I've been feeling so frustrated lately by money, and how much it limits our lives. How we make decisions solely based on money far too often. How we all have so many dreams and how we never get to see them realized. What if money were no object? What would you do? 

 You see, I just quit my money maker. The part-time job that brings my household a good deal of money for not a lot of work. The soul sucker that I stayed at for way too long and which brought me way too much misery. I just up and quit it. And decided that I would find another way to make a living, that I would give this design thing all I've got. I decided that no amount of money is worth being 34 years old and feeling trapped. 

I finally feel comfortable enough {kind-of, not really} to tell you that I have spent the last 14 years of my life working at least part-time in a restaurant.
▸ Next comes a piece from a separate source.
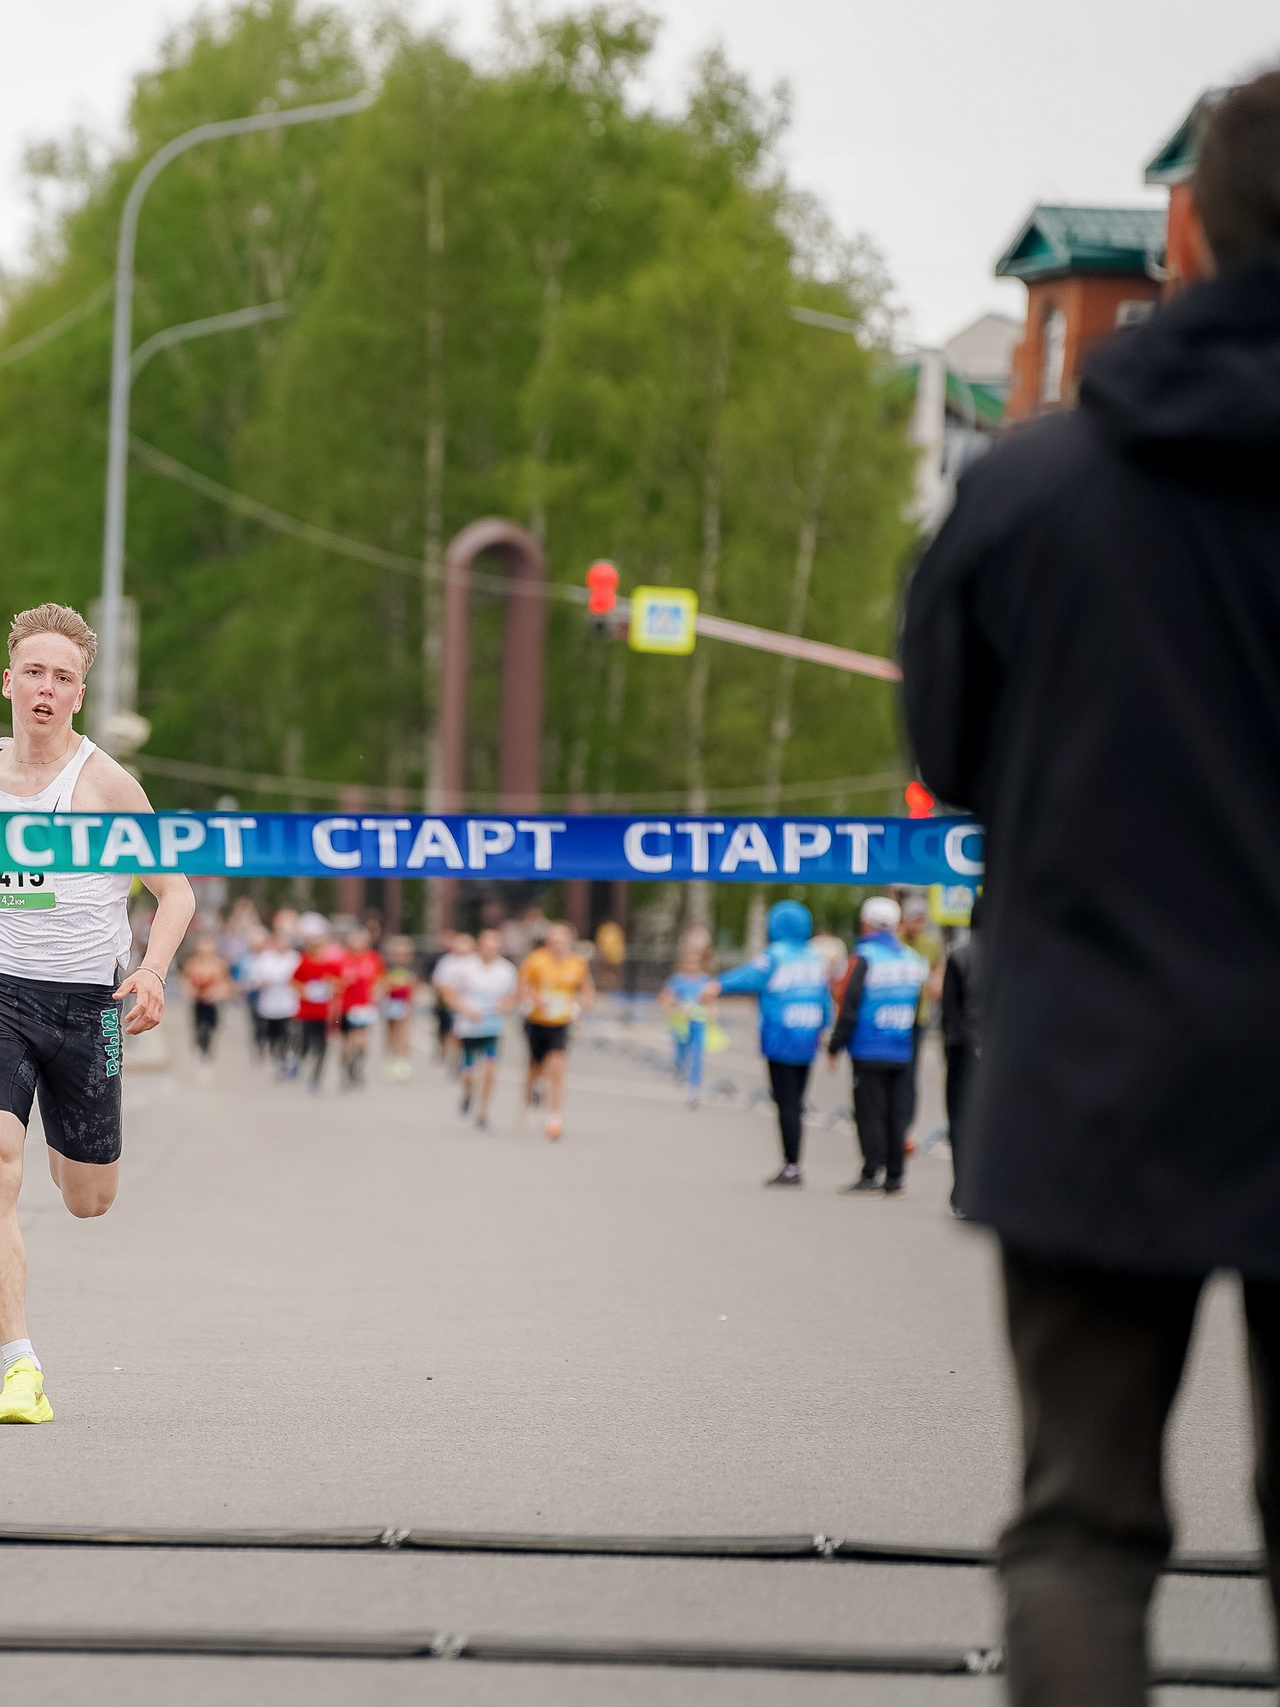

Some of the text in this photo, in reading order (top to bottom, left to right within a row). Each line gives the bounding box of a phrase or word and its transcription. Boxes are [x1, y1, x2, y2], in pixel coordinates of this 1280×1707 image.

[5, 815, 257, 868] СТАРТ
[312, 818, 566, 870] СТАРТ
[623, 822, 884, 874] СТАРТ
It's not all bad, although I can feel the judgment already (or maybe that's just my own...). I made a lot of money. I worked at some of the best restaurants in the country. That job let me travel all over the world, to every continent except for one. I took vacations whenever I wanted. It helped me get through grad school. It introduced me to some of my dearest friends in all of the land. And, for the record, it brought me my husband too. 
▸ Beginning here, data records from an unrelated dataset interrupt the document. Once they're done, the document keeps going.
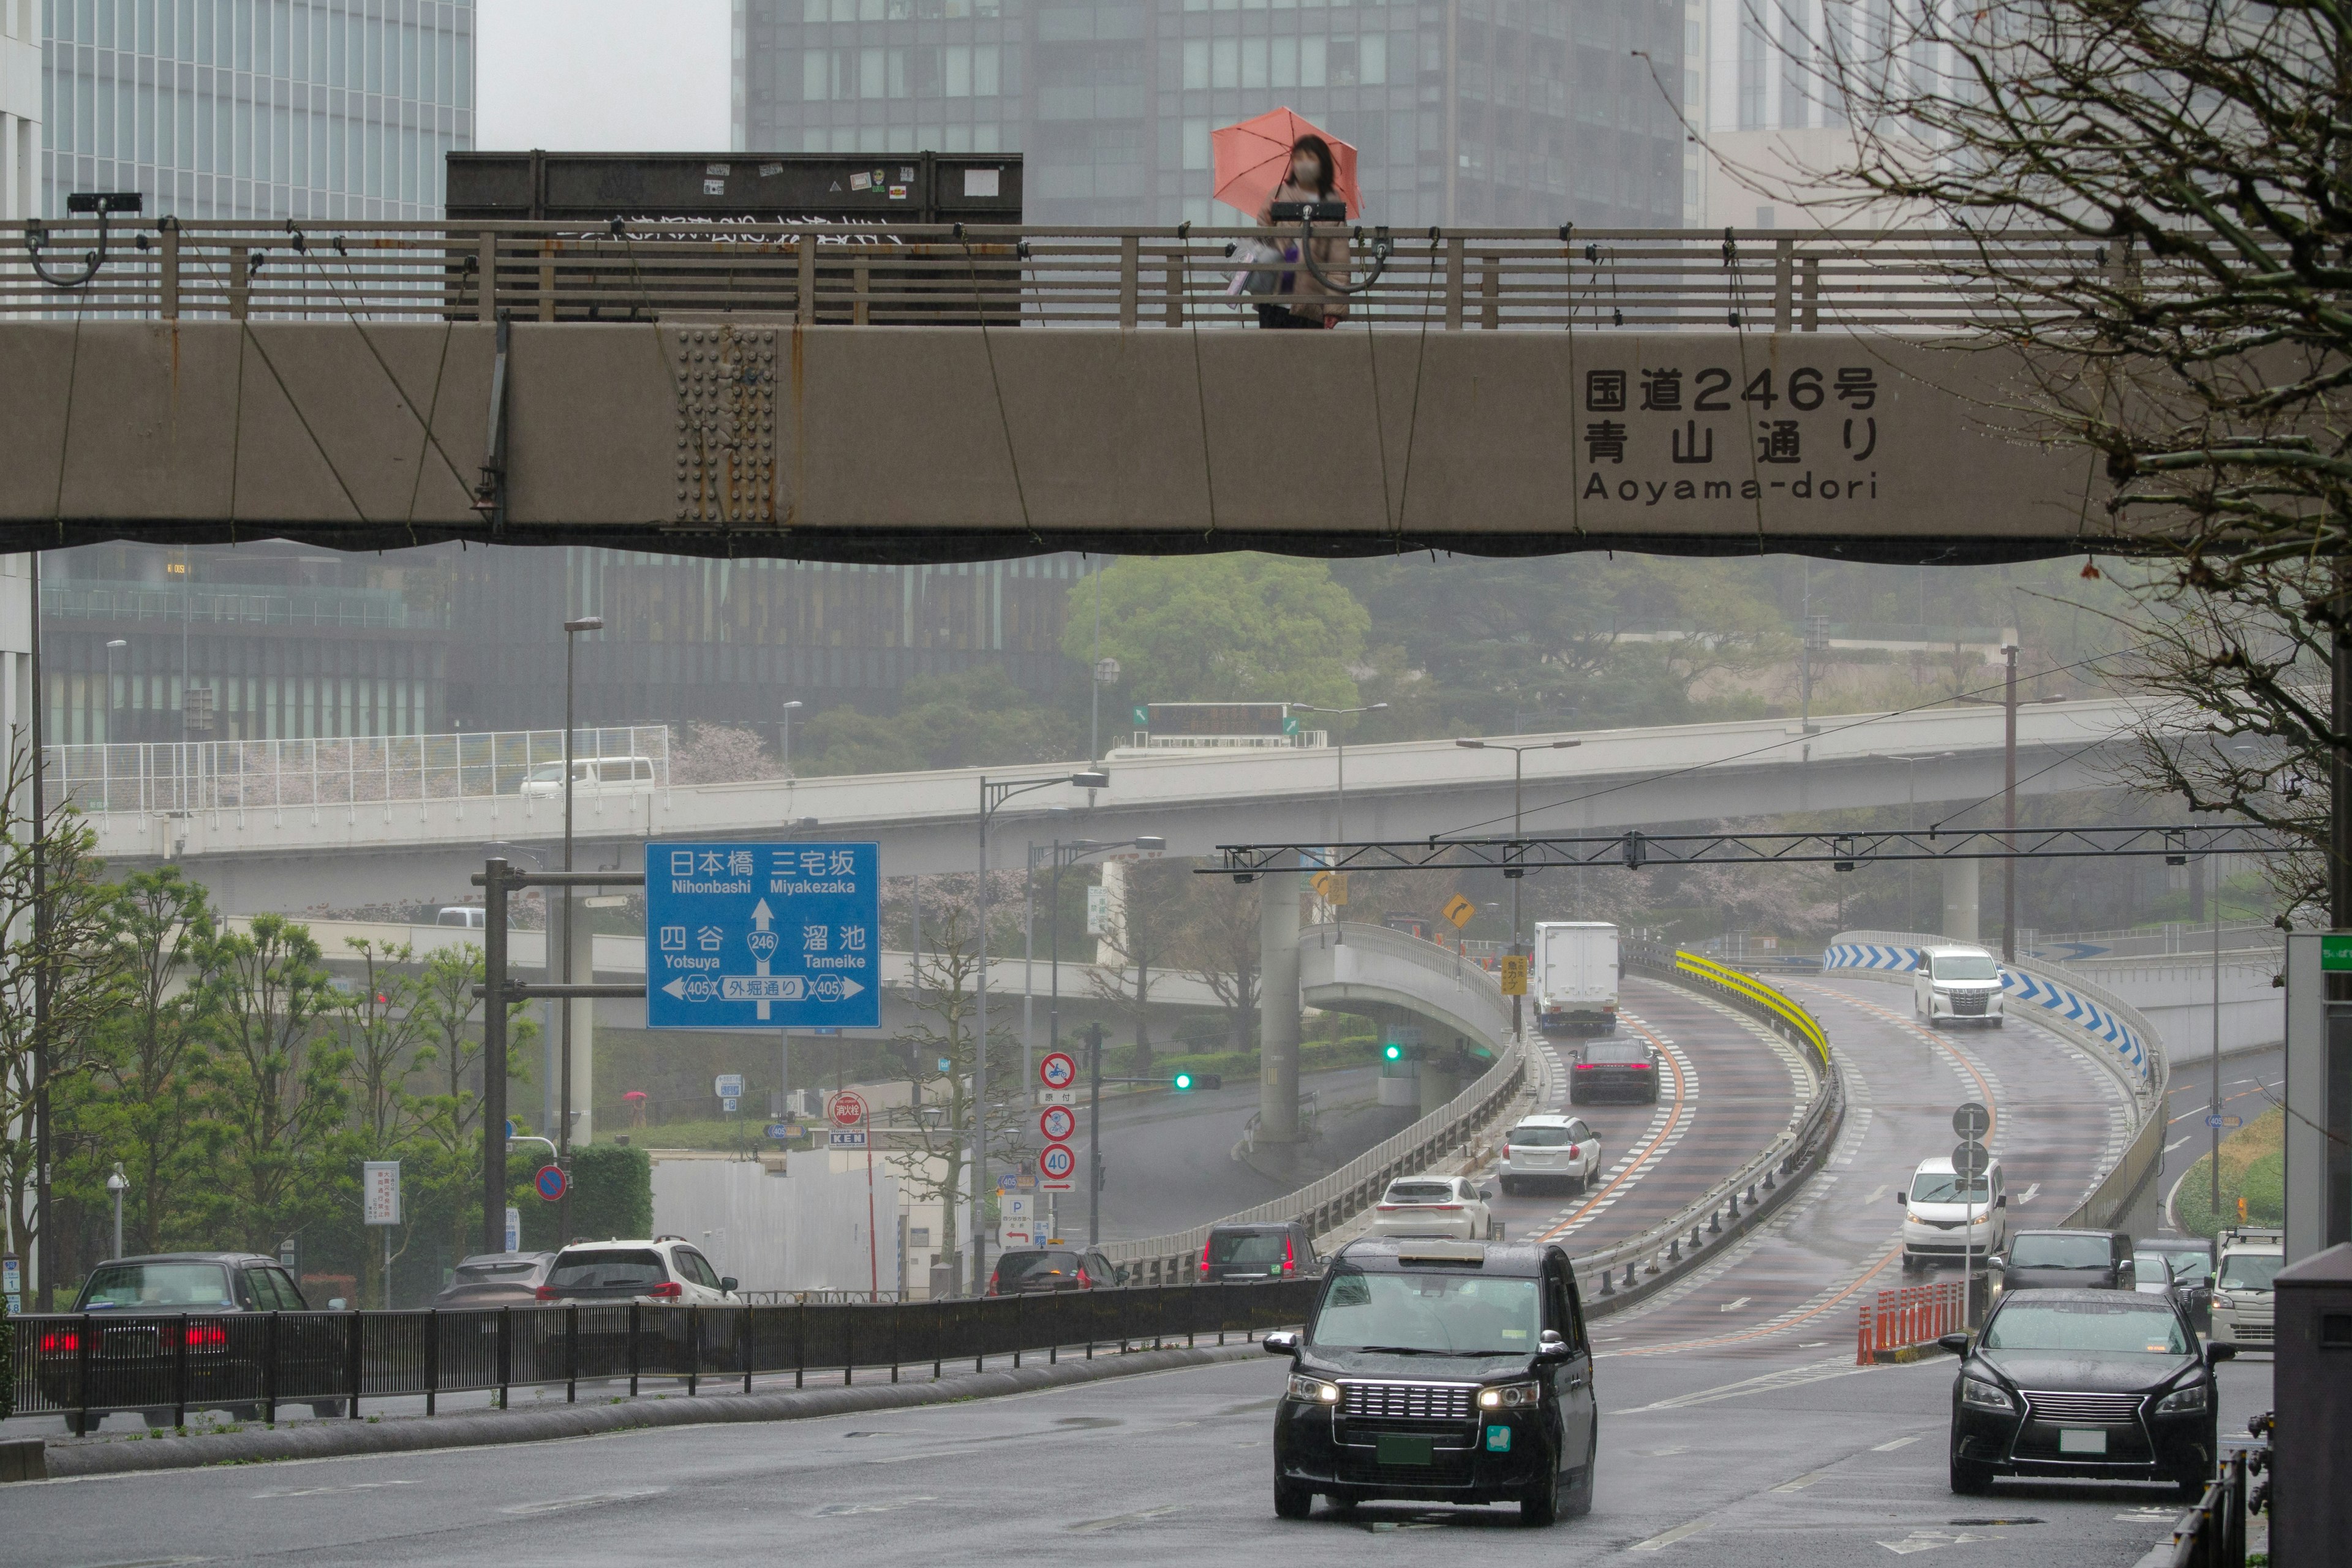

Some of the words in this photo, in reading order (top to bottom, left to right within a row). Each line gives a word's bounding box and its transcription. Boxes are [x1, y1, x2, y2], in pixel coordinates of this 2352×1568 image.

[1585, 366, 1878, 412] 国道246号
[1583, 418, 1877, 464] 青山通り
[1583, 471, 1877, 507] Aoyama-dori
[671, 850, 754, 877] 日本橋
[771, 850, 856, 877] 三宅坂
[672, 880, 751, 894] Nihonbashi
[770, 880, 856, 896] Miyakezaka
[660, 925, 723, 951] 四谷
[751, 934, 774, 950] 246
[803, 925, 866, 951] 溜池
[664, 954, 720, 971] Yotsuya
[804, 954, 866, 969] Tameike
[687, 981, 709, 997] 405
[729, 981, 797, 996] 外堀通り
[816, 981, 839, 997] 405
[1044, 1093, 1071, 1102] 原付
[836, 1104, 860, 1116] 消火栓
[834, 1134, 862, 1143] KEN
[1047, 1153, 1068, 1170] 40
[1003, 1178, 1017, 1186] 405
[1014, 1202, 1022, 1213] P
[9, 1280, 13, 1289] 1
For all of you out there who are of the mind to think that people who work in restaurants are stupid, uneducated, unmotivated-ha! Most people who work in restaurants are smarter than you, more educated than you and more creative than you. They also probably make more money than you, incidentally. And, although, it was a bad career choice for me, I do not fault anyone for staying in it. Nor should you. I have never experienced such freedom to walk into a place, make money, turn around go home and live your real life. 

I have also never experienced such a feeling of disappointment in myself. I knew, deep down, that I was doing something that unfulfilled me in very substantial ways. For 14 years. That, my friends, is a long time to feel disappointed in yourself. A long time. And also a long time to be in near-constant panic mode at the thought of being stuck forever. I have no idea why I just kept at it, year after year, always telling myself that I'd take more classes and be willing to take a pay cut and Justin would make more money and I could leave. But those things kept slipping through my fingers, and I kept going. Despite the fact that I had no stake in it. That I had no interest in it. And that I was letting my passion die while I took orders at a table. Working two, three jobs on top of the night job. Trying to balance it all for years. Working so many long weeks at design firms and taking classes on top of it and blogging frantically just to try and get a leg up so I could leave it, and so I could breathe. I literally never.stopped.working.

Until I jumped. 

It really does feel like that moment when you are standing over the cliff, looking down at the water, thinking "Should I do this? I'm so scared." And then your resolve hardens, you take a deep breath and jump and just fucking hope that everything is going to be okay. That is pretty much exactly what it feels like. I just woke up one day and said "enough." And it was over.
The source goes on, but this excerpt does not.